Son déplacement, à huit mois de son départ de la Maison blanche, intervient dans un grand scepticisme, compte tenu du contexte de violences entre Israéliens et Palestiniens et des difficultés rencontrées par les dirigeants des deux camps.
Bush, qui espère obtenir un accord de paix prévoyant la création d'un Etat palestinien avant la fin de son mandat en janvier 2009, n'a pas fait état de progrès dans les discussions lorsque des journalistes l'ont interrogé sur ce thème lors d'une conférence de presse.
Dans un autre registre, Bush a déclaré que les Etats-Unis continueraient à soutenir tous les Palestiniens "qui ne partagent pas" la vision des activistes du Hamas opposés à la paix avec Israël.

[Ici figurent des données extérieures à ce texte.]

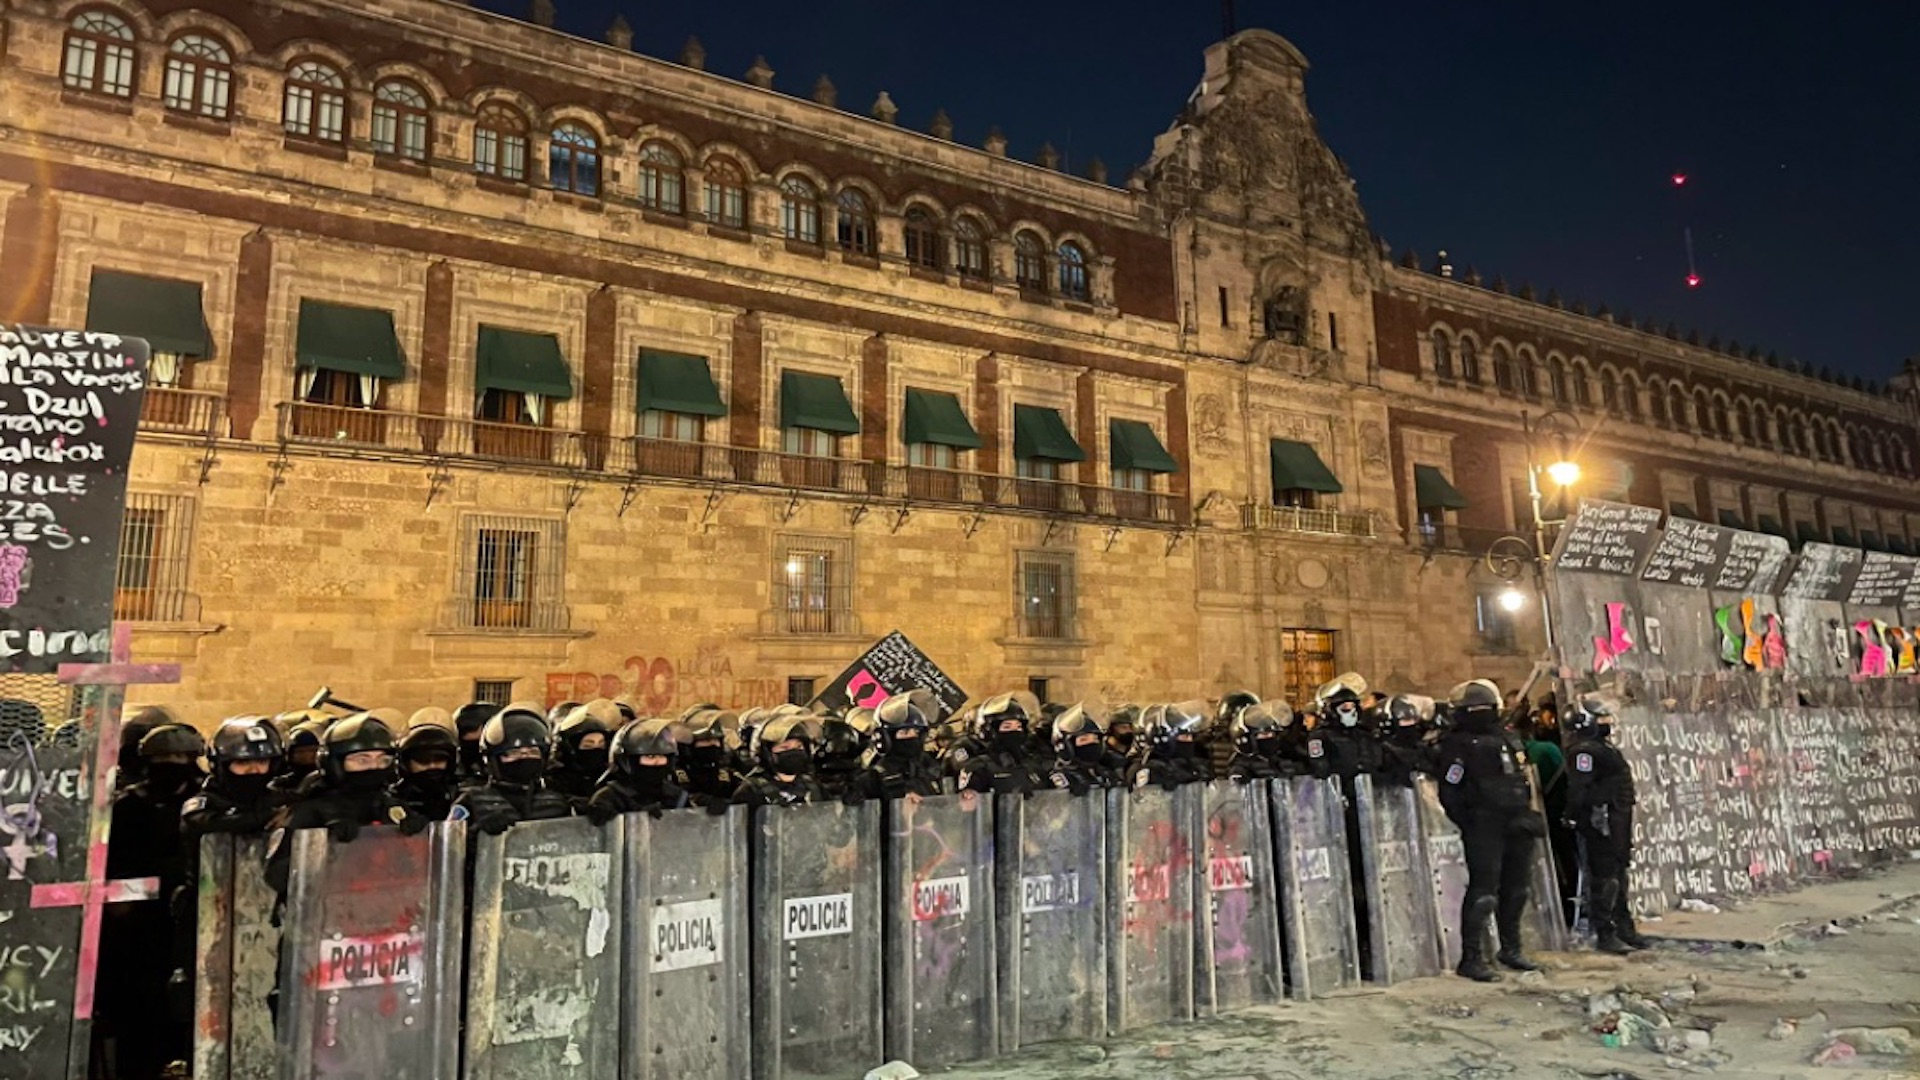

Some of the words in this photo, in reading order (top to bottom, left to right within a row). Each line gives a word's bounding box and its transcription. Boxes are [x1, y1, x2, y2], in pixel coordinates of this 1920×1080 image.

[658, 917, 715, 955] POLICIA
[788, 901, 848, 934] POLICIA
[329, 941, 410, 982] POLICIA
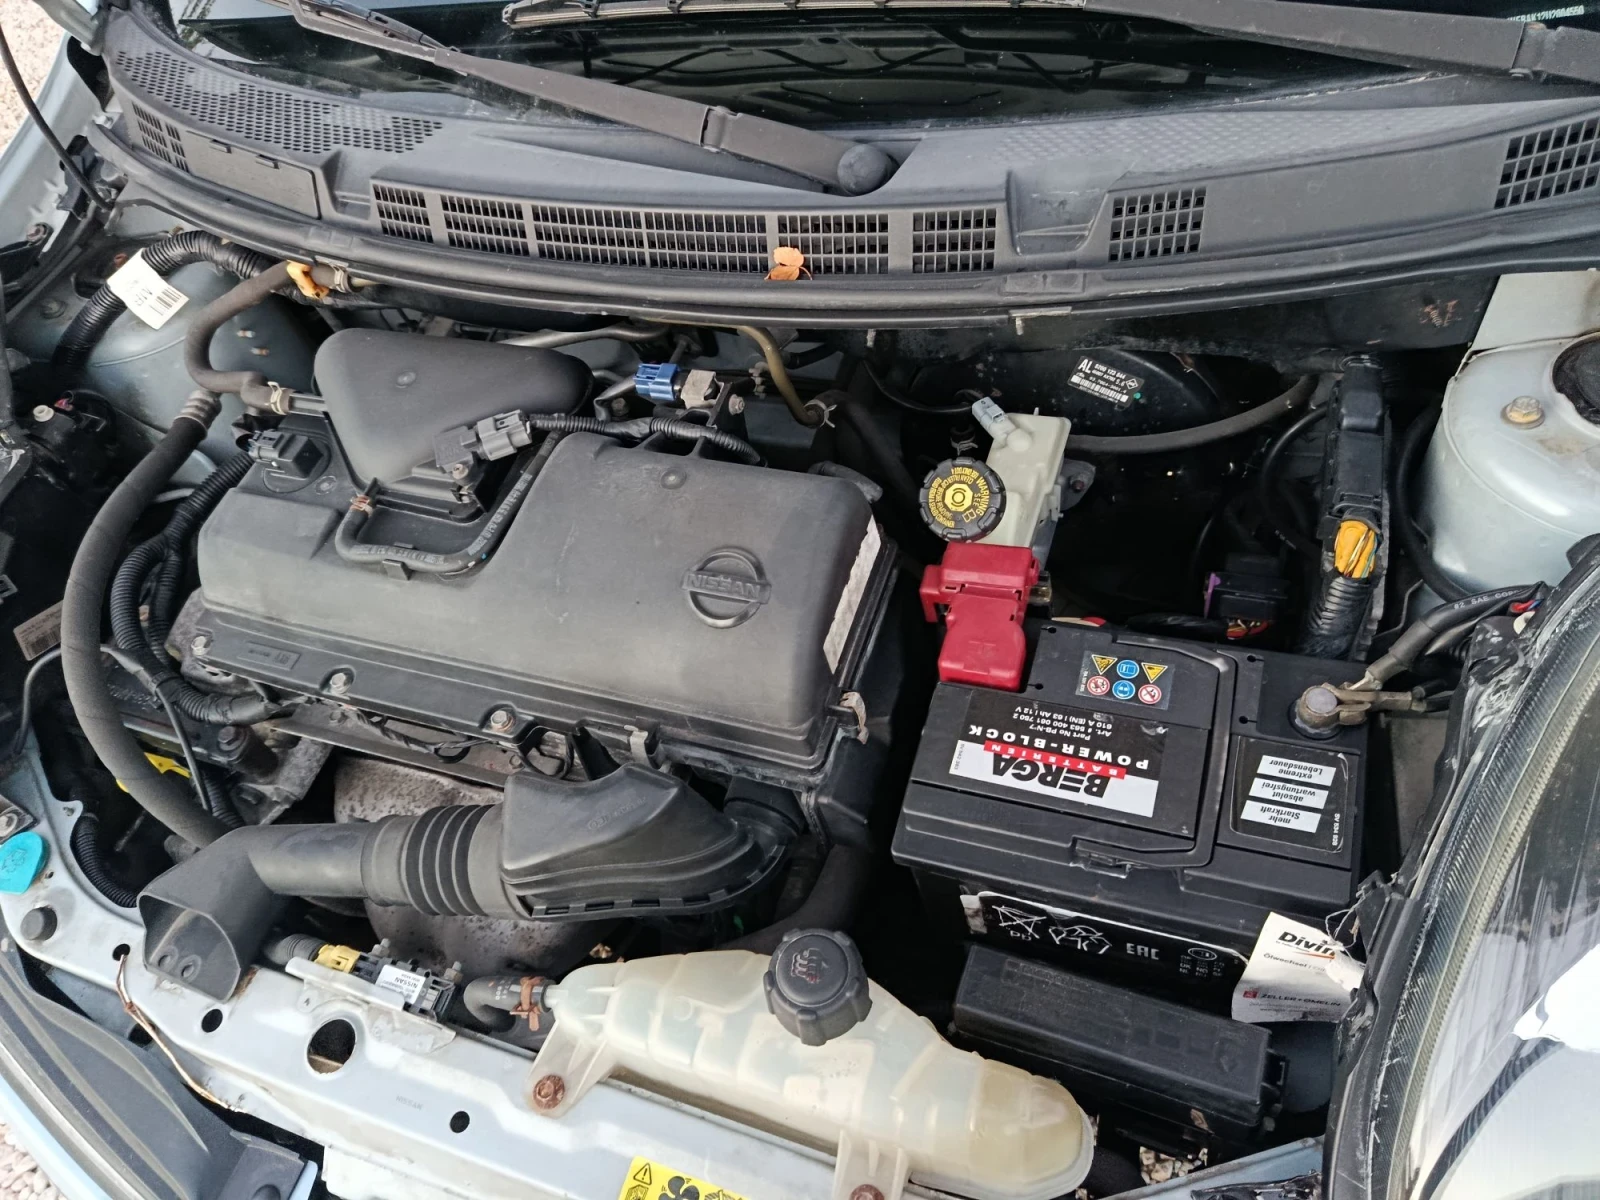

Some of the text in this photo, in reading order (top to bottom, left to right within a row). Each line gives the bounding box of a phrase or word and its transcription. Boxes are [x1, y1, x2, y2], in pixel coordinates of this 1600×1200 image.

Lors d'une entrevue avec Shimon Peres, Bush a ajouté que, parallèlement, Washington "parlerait clairement de ces forces de terreur qui assassinent des innocents pour parvenir à leurs objectifs politiques et de la façon dont le monde doit se dresser contre elles".

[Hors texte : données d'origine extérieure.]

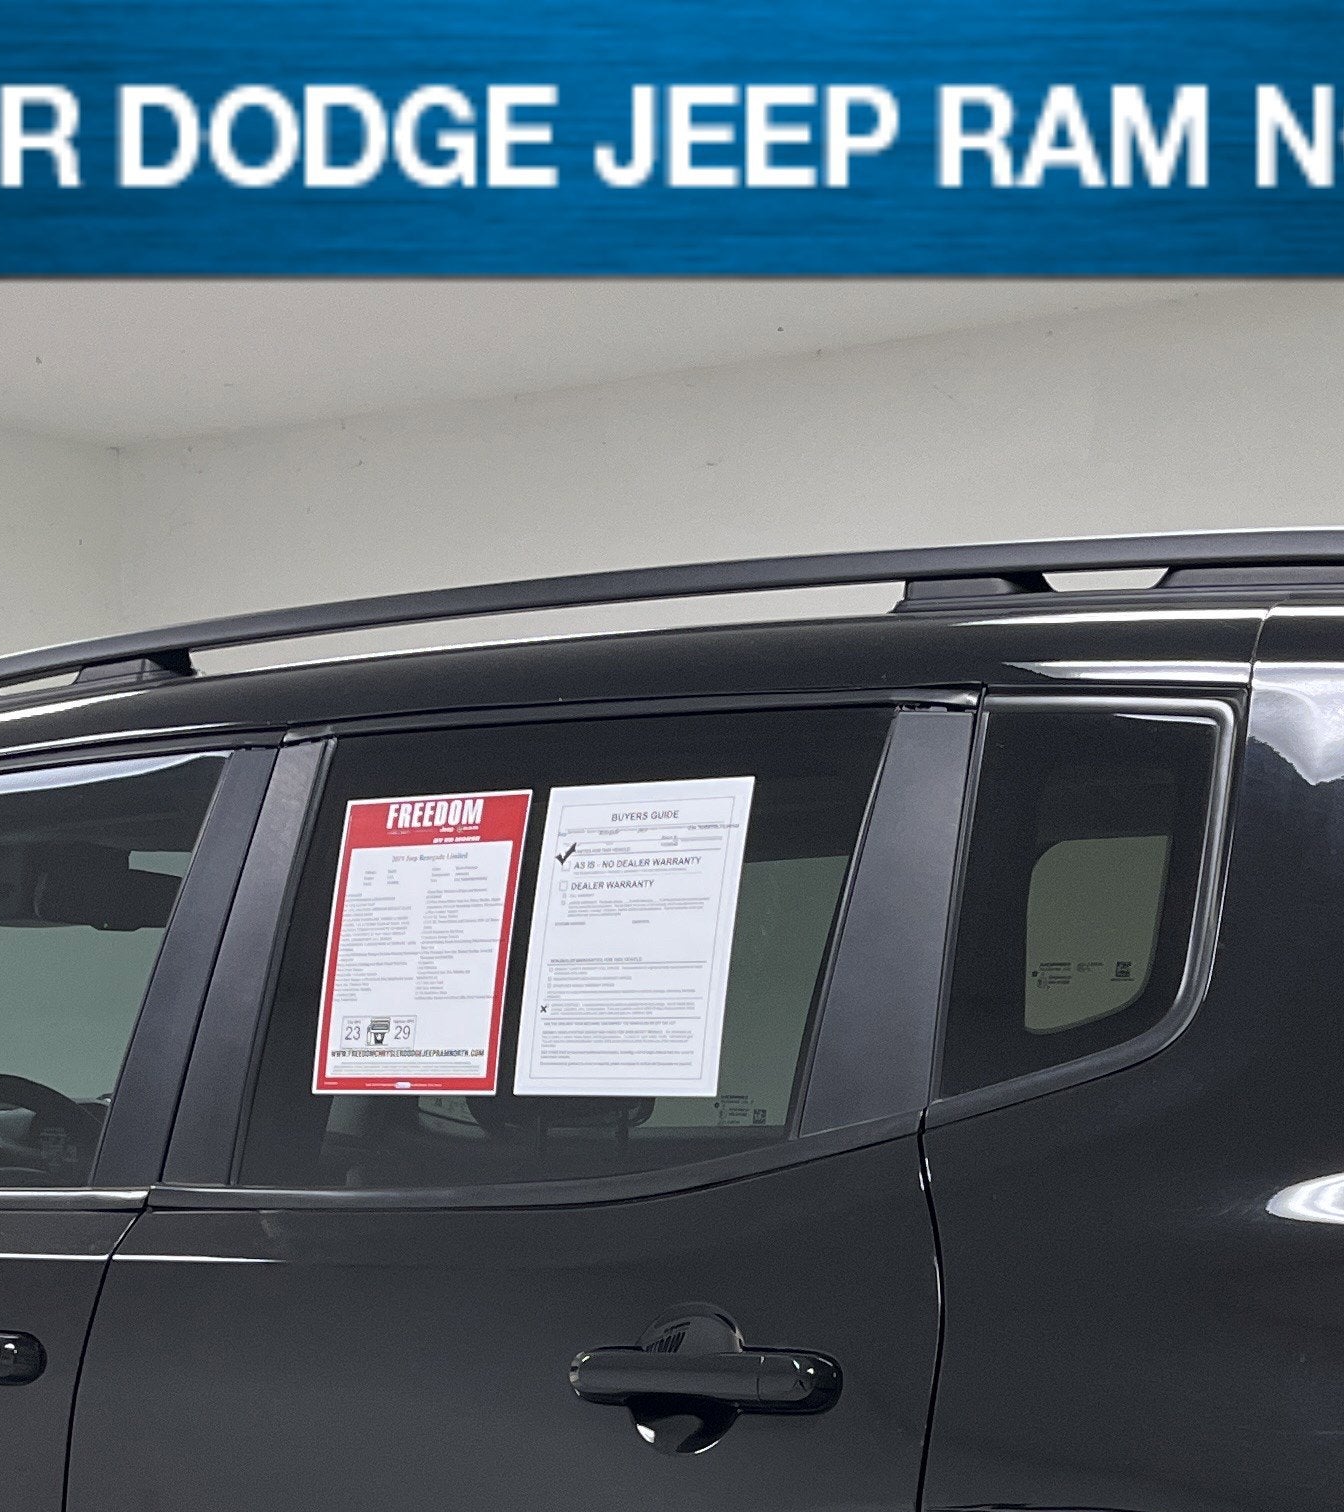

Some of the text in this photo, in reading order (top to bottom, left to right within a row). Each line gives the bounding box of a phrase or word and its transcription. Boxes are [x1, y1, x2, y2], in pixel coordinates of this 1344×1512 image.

[386, 799, 484, 829] FREEDOM
[611, 810, 680, 822] BUYERS GUIDE
[573, 861, 586, 870] AS
[587, 861, 596, 869] IS
[602, 859, 615, 868] NO
[616, 858, 650, 868] DEALER
[652, 857, 702, 867] WARRANTY
[570, 880, 655, 891] DEALER WARRANTY
[344, 1025, 411, 1041] 23 29

Bush a rencontré dans le courant de la journée Ehud Olmert, très fragilisé par un scandale de corruption dans lequel il nie toute implication. Mardi soir, Olmert s'est montré optimiste lors des cérémonies du 60e anniversaire en déclarant qu'il était encore possible qu'un accord de paix soit signé cette année.
"Israël continue à rechercher activement la paix avec ses voisins, en particulier avec les Palestiniens", a-t-il dit devant des milliers d'habitants de Jérusalem venus écouter son discours, au premier rang desquels figurait Bush.
"Nous faisons d'importants efforts et nous constatons qu'il y a des progrès sur ce front", a-t-il poursuivi, ajoutant qu'un accord de paix pourrait être trouvé "cette année, en 2008, à la faveur d'un dévouement et d'un travail sans relâche".
Un peu plus tôt dans la journée, Olmert avait déclaré être parvenu à des "points d'accord sur des dossiers importants" avec le président palestinien Mahmoud Abbas.
De source palestinienne autorisée, on se montre toutefois sceptique. Un responsable a ainsi souligné que les deux camps avaient "encore un long chemin à parcourir".
En novembre à Annapolis, Olmert et Abbas s'étaient engagés à mener des négociations en vue d'un accord de paix et de la formation d'un Etat palestinien d'ici janvier 2009.
Depuis lors, ces pourparlers ont été fortement affectés par les programmes d'agrandissement des colonies en Cisjordanie et les violences dans la bande de Gaza, où les tirs de roquettes ont entraîné de violentes ripostes de l'armée d'occupation.
Bush ne prévoit pas de se rendre dans les territoires palestiniens lors de sa tournée de trois jours dans la région.
Il se contentera de rencontrer Mahmoud Abbas, affaibli lui aussi par sa rivalité avec le Hamas, samedi dans la station balnéaire égyptienne de Charm-el-Cheikh, sur la mer Rouge.
Il y rencontrera également le Premier ministre libanais Fouad Siniora, confronté dans son pays à une flambée de violences.
Plus discret sur le dossier libanais que sur le processus de paix israélo-palestinien, Bush a dénoncé avec force l'attitude de l'Iran qui se sert selon lui du Hezbollah pour déstabiliser le Liban. "Il s'agit d'une tentative iranienne pour déstabiliser la jeune démocratie" libanaise, a-t-il dit lors d'une conférence de presse.
Sur le même sujet, après avoir rencontré son hôte américain dans les jardins de la résidence présidentielle, Peres avait déclaré plus tôt : "Le Hezbollah est tout simplement en train de détruire le Liban."
Il a également accusé le Hamas, qui contrôle la bande de Gaza, de "retarder la création d'un Etat palestinien" en s'opposant au processus de paix et en affrontant l'Etat hébreu.
A Gaza, l'un des chefs du Hamas, Mahmoud al Zahar, a déclaré : "Bush n'est pas le bienvenu sur nos terres sacrées. Les présidents hypocrites qui souillent nos terres ne sont pas les bienvenus."
Bush sera vendredi en Arabie saoudite pour y rencontrer le roi Abdallah, qu'il tentera de persuader de la nécessité d'infléchir les cours du pétrole qui flambent sur les marchés mondiaux.